An exact transcription of the records is required, minus any images.

:::::

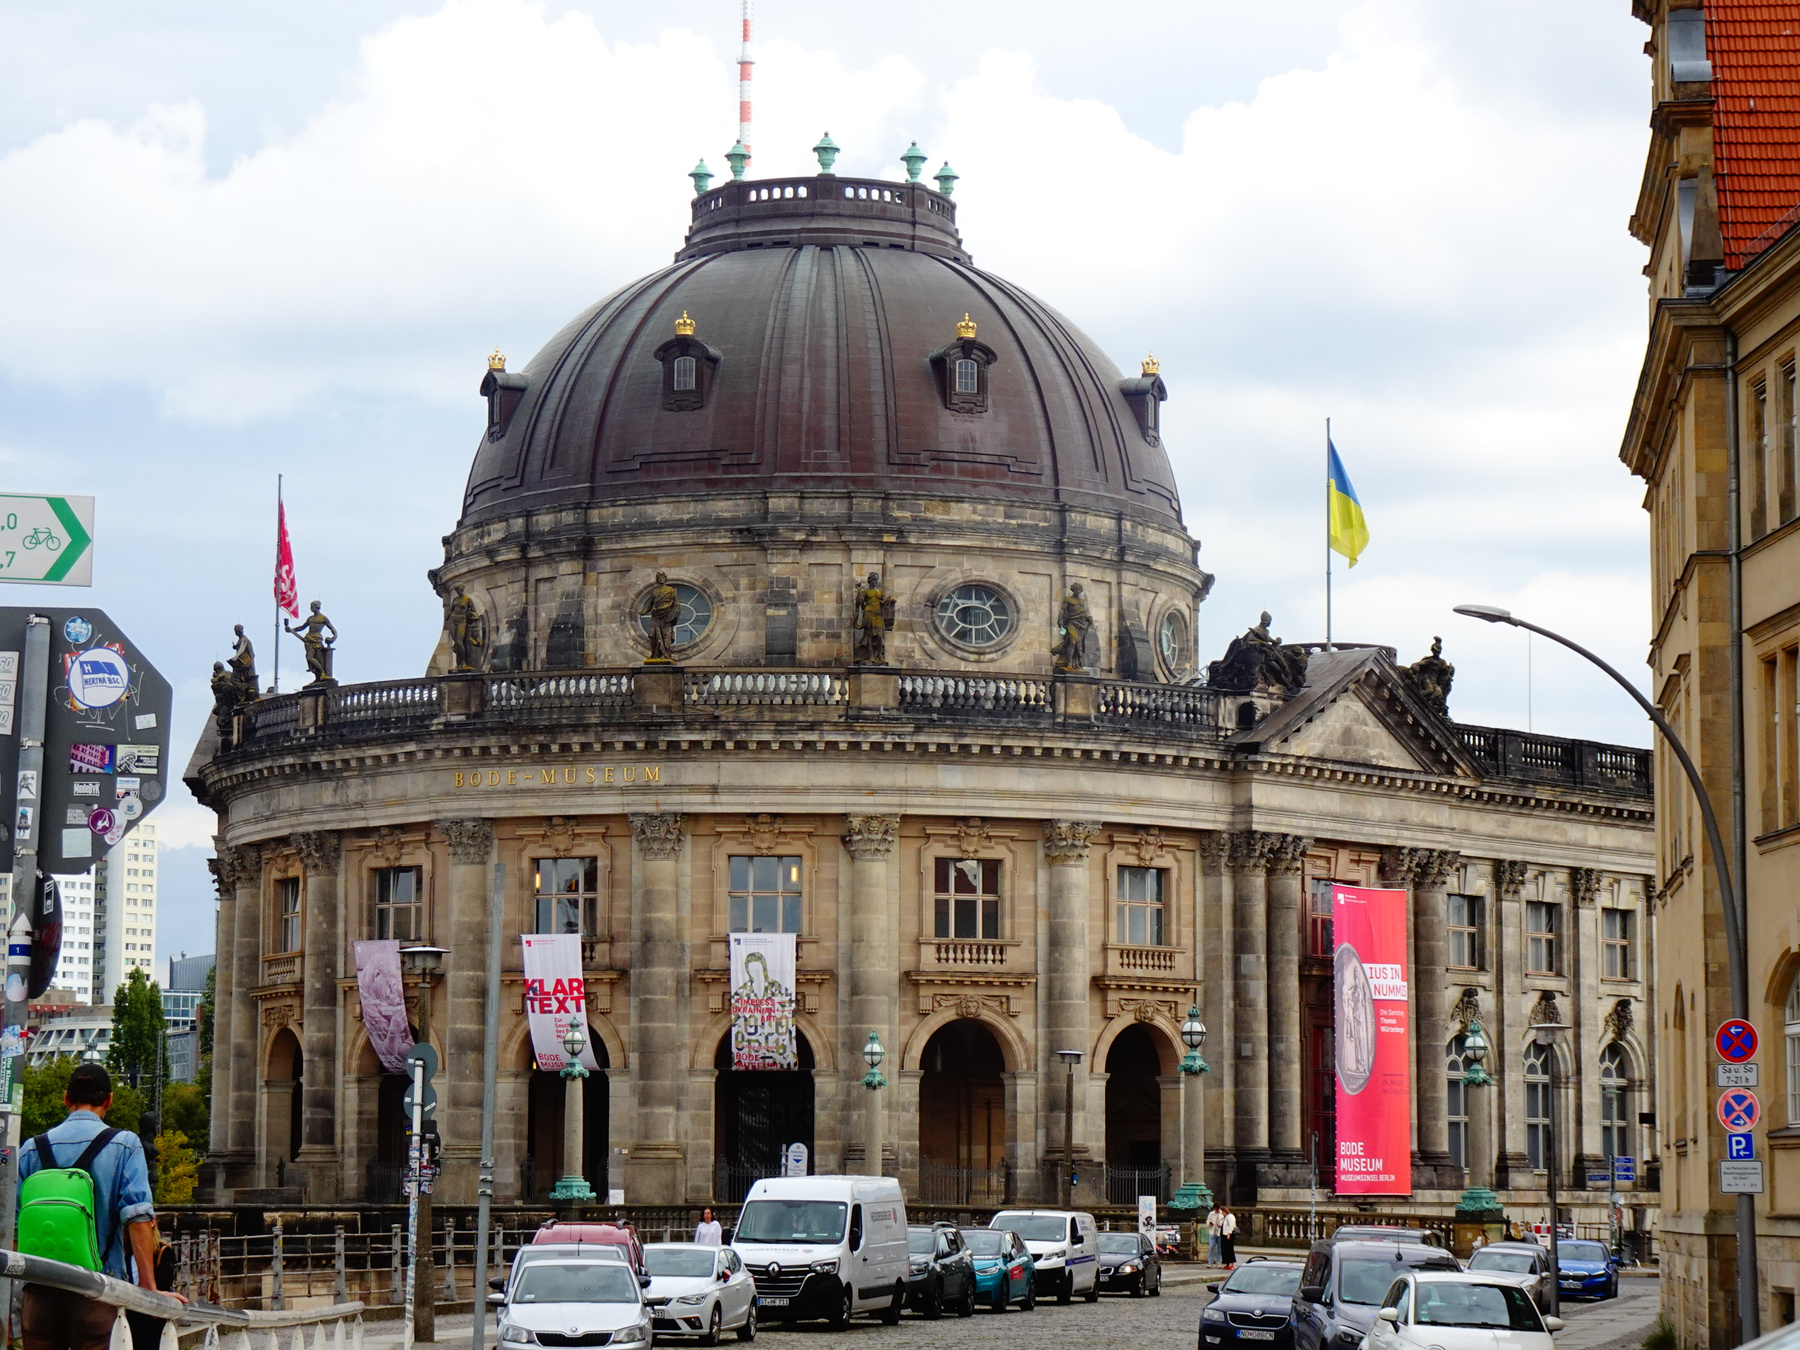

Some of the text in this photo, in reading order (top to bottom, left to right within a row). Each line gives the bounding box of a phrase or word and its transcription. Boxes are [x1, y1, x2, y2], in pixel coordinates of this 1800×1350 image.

[84, 676, 107, 686] HERTHA
[455, 766, 661, 788] BODE-MUSEUM
[1369, 967, 1400, 980] IUS IN
[525, 978, 584, 996] KLAR
[1373, 983, 1407, 997] NUMMIS
[526, 995, 585, 1014] TEXT
[736, 998, 776, 1007] TIMELESS
[732, 1006, 776, 1014] UKRAINIAN
[538, 1053, 561, 1062] BODE
[735, 1052, 760, 1061] BODE
[734, 1061, 779, 1069] MUSEUM
[1722, 1066, 1732, 1074] Sa
[1743, 1065, 1753, 1073] So
[1726, 1076, 1750, 1084] 7-21 h
[1340, 1142, 1364, 1155] BODE
[1340, 1158, 1383, 1171] MUSEUM
[1379, 1174, 1395, 1182] BERLIN
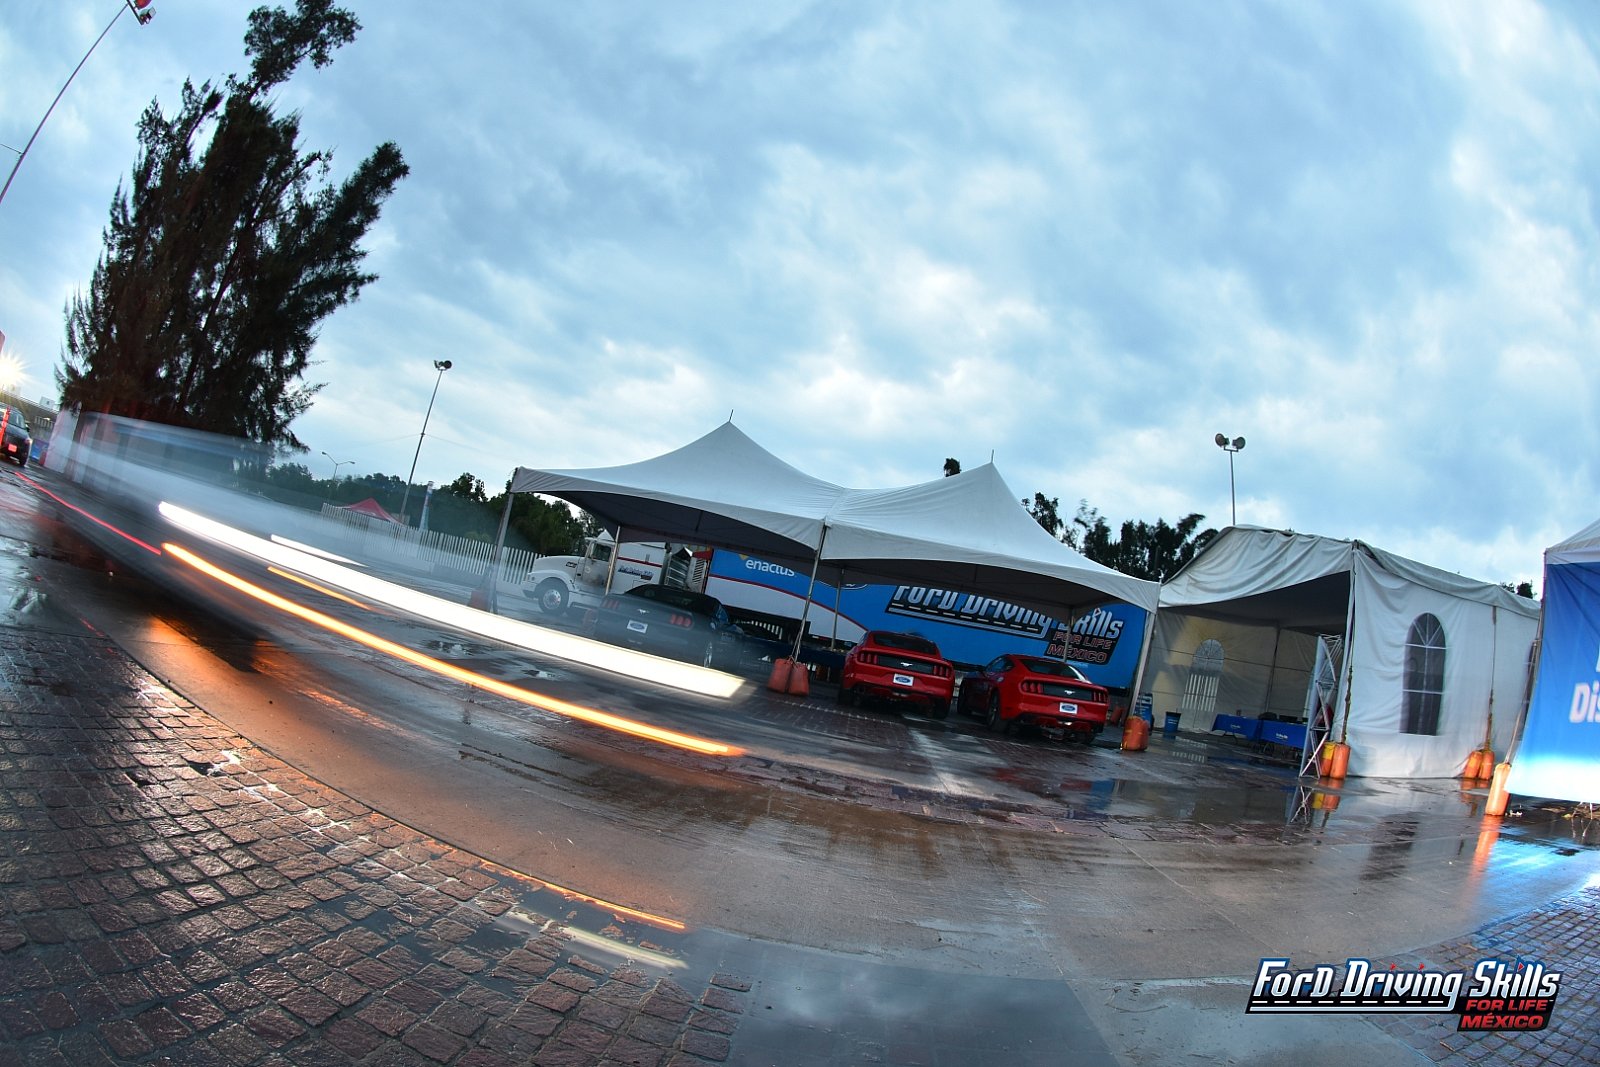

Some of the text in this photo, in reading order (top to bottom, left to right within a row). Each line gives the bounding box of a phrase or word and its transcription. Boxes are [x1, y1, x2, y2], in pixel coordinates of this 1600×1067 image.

[745, 559, 795, 577] enactus
[1053, 631, 1113, 650] FOR LIFE
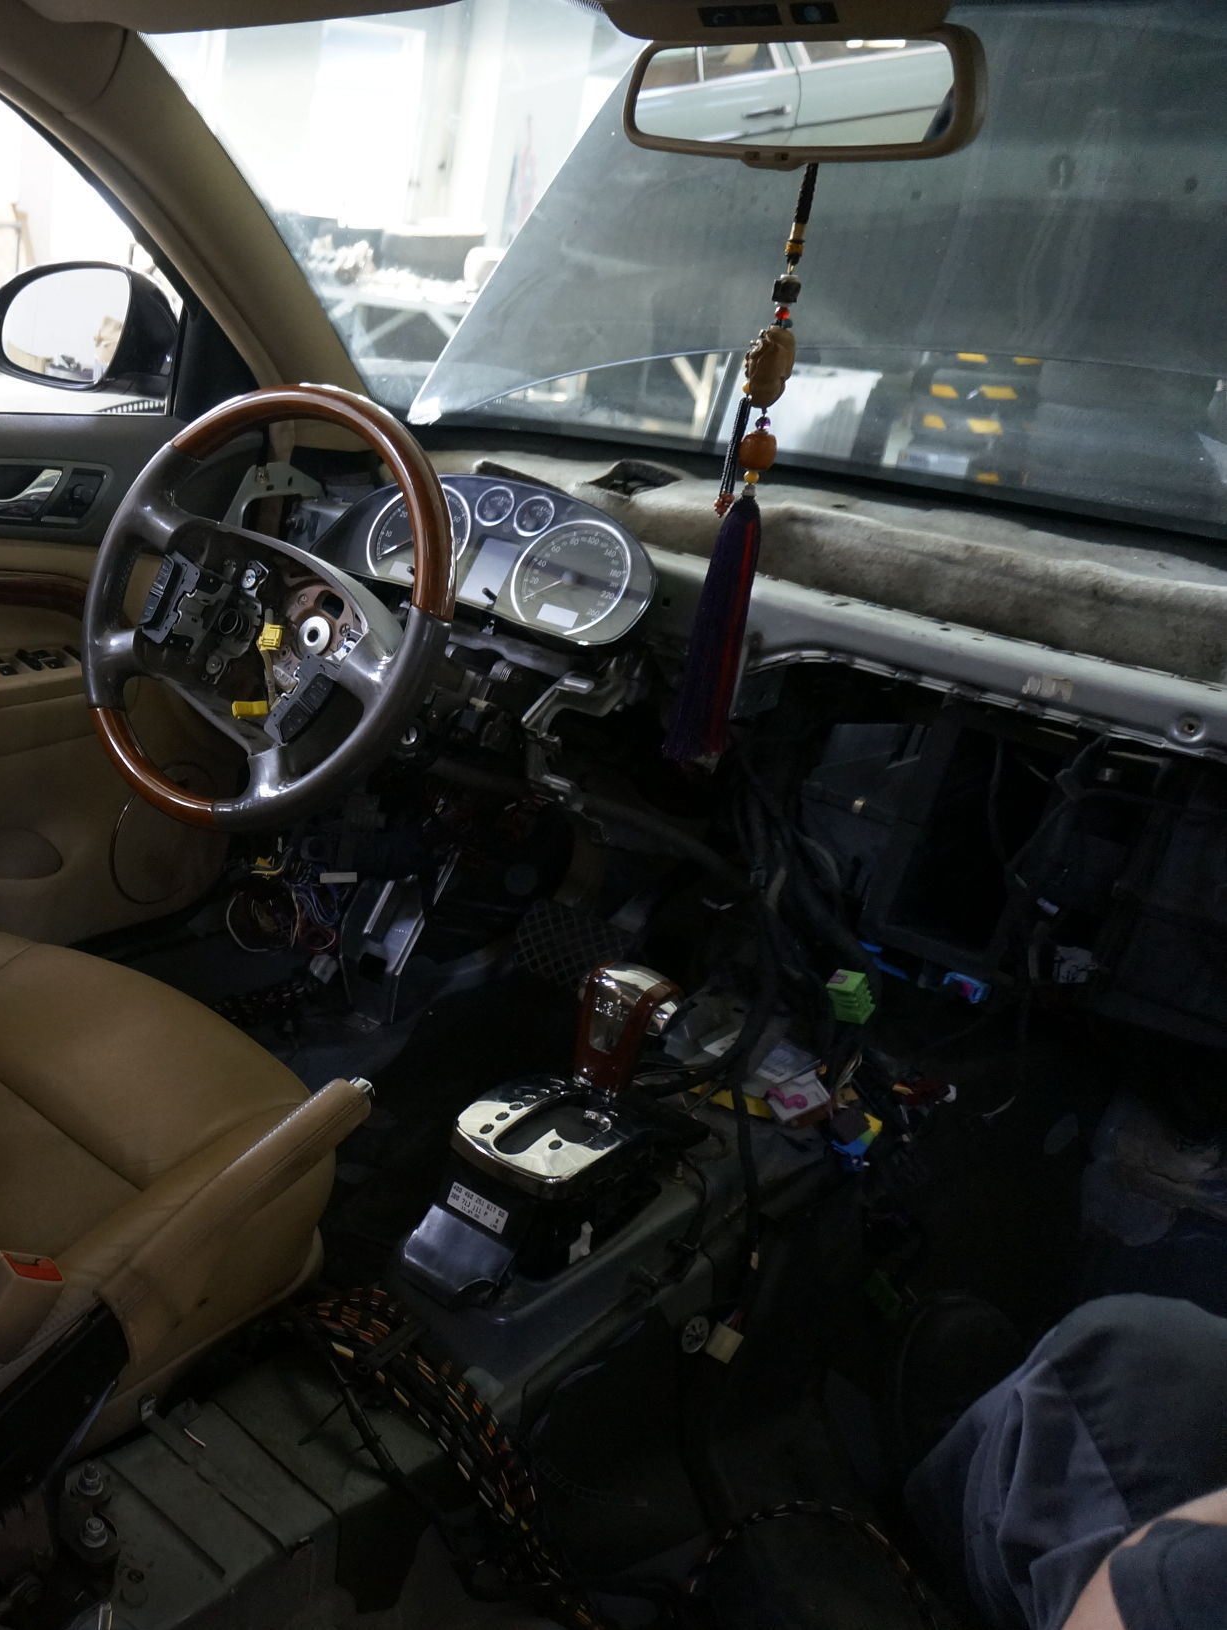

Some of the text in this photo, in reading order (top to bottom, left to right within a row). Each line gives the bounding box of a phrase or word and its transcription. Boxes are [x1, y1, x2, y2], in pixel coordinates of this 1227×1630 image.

[550, 545, 561, 554] 60
[537, 559, 547, 567] 40
[600, 590, 615, 600] 220
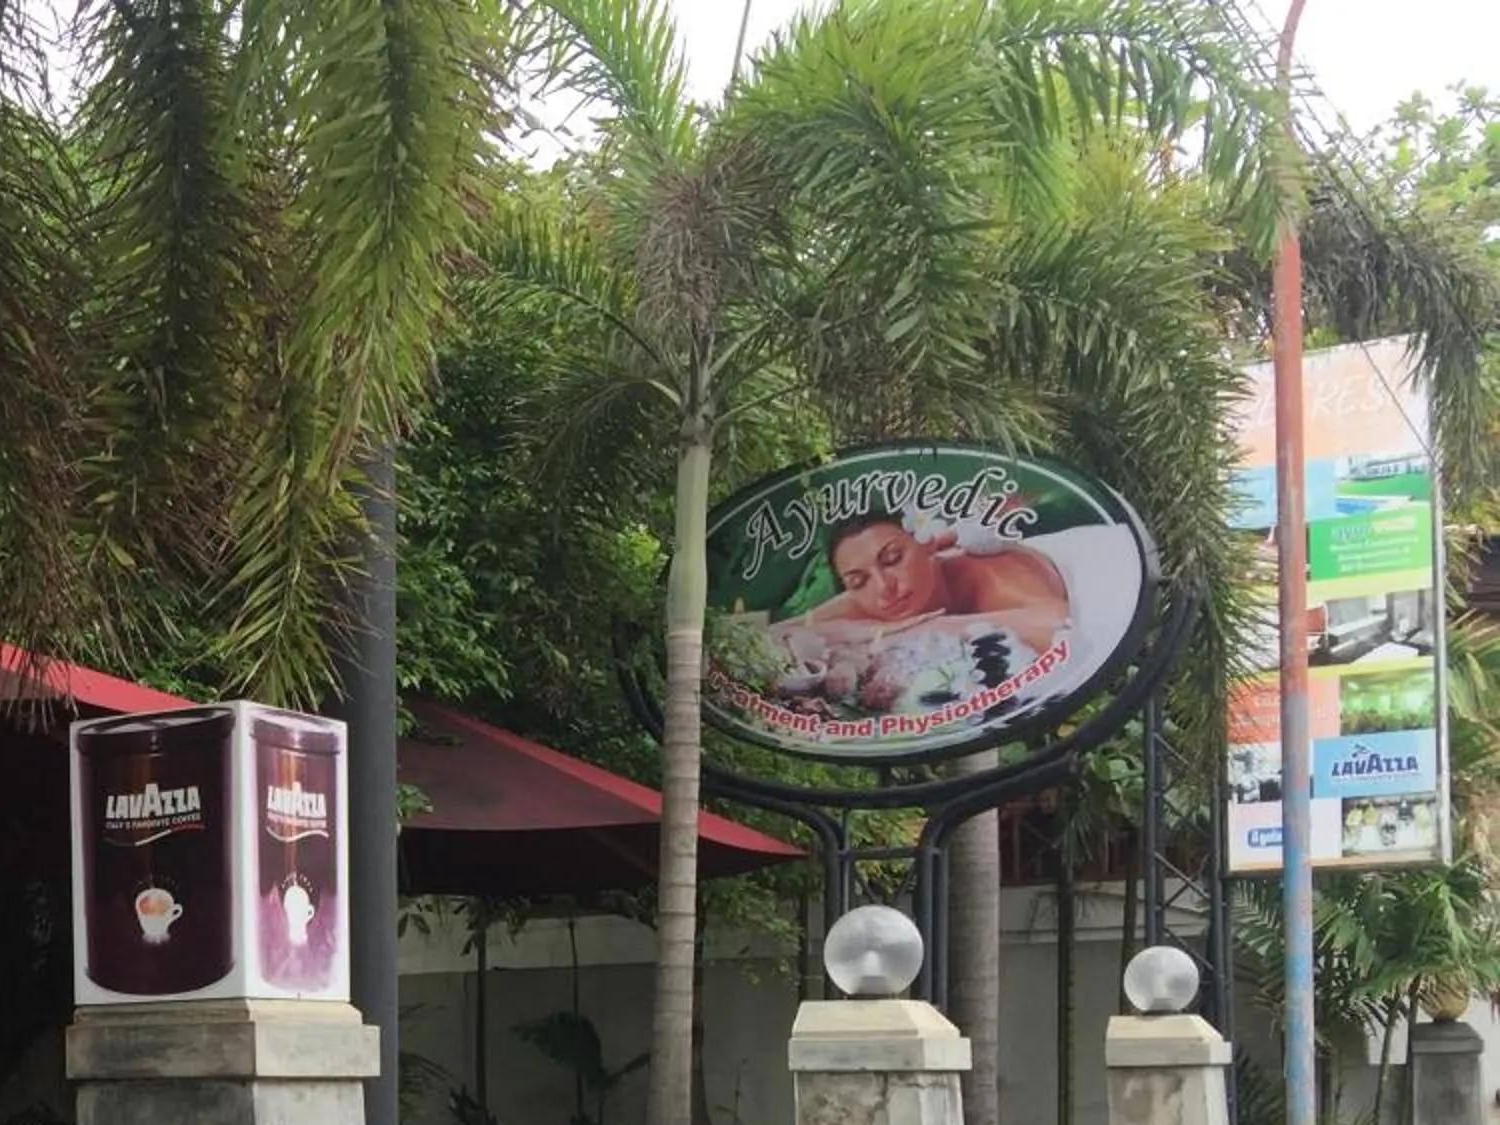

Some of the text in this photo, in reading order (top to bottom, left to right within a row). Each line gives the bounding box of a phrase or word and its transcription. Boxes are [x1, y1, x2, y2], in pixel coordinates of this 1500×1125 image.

[742, 467, 1038, 580] Ayurvedic
[825, 718, 874, 738] and
[881, 640, 1070, 736] Physiotherapy
[1331, 753, 1419, 777] LAVAZZA
[106, 783, 201, 819] LAVAZZA
[267, 781, 327, 817] LAVAZZA

:::::

# Your response
Some of the text in this photo, in reading order (top to bottom, left to right within a row). Each line gives the bounding box of a phrase or word and its transcription. Boxes are [x1, y1, x2, y2], in pixel coordinates of this 1800×1350 image.

[84, 676, 107, 686] HERTHA
[455, 766, 661, 788] BODE-MUSEUM
[1369, 967, 1400, 980] IUS IN
[525, 978, 584, 996] KLAR
[1373, 983, 1407, 997] NUMMIS
[526, 995, 585, 1014] TEXT
[736, 998, 776, 1007] TIMELESS
[732, 1006, 776, 1014] UKRAINIAN
[538, 1053, 561, 1062] BODE
[735, 1052, 760, 1061] BODE
[734, 1061, 779, 1069] MUSEUM
[1722, 1066, 1732, 1074] Sa
[1743, 1065, 1753, 1073] So
[1726, 1076, 1750, 1084] 7-21 h
[1340, 1142, 1364, 1155] BODE
[1340, 1158, 1383, 1171] MUSEUM
[1379, 1174, 1395, 1182] BERLIN

Some of the text in this photo, in reading order (top to bottom, left to right within a row). Each line gives the bounding box of a phrase or word and its transcription. Boxes are [x1, y1, x2, y2], in pixel coordinates of this 1600×1067 image.

[745, 559, 795, 577] enactus
[1053, 631, 1113, 650] FOR LIFE

Some of the text in this photo, in reading order (top to bottom, left to right within a row). Each line gives the bounding box of a phrase or word and its transcription. Boxes are [x1, y1, x2, y2], in pixel coordinates of this 1227×1630 image.

[550, 545, 561, 554] 60
[537, 559, 547, 567] 40
[600, 590, 615, 600] 220

Some of the text in this photo, in reading order (top to bottom, left to right within a row). Each line gives the bounding box of a phrase or word and its transcription. Boxes are [x1, y1, x2, y2], in pixel coordinates of this 1500×1125 image.

[742, 467, 1038, 580] Ayurvedic
[825, 718, 874, 738] and
[881, 640, 1070, 736] Physiotherapy
[1331, 753, 1419, 777] LAVAZZA
[106, 783, 201, 819] LAVAZZA
[267, 781, 327, 817] LAVAZZA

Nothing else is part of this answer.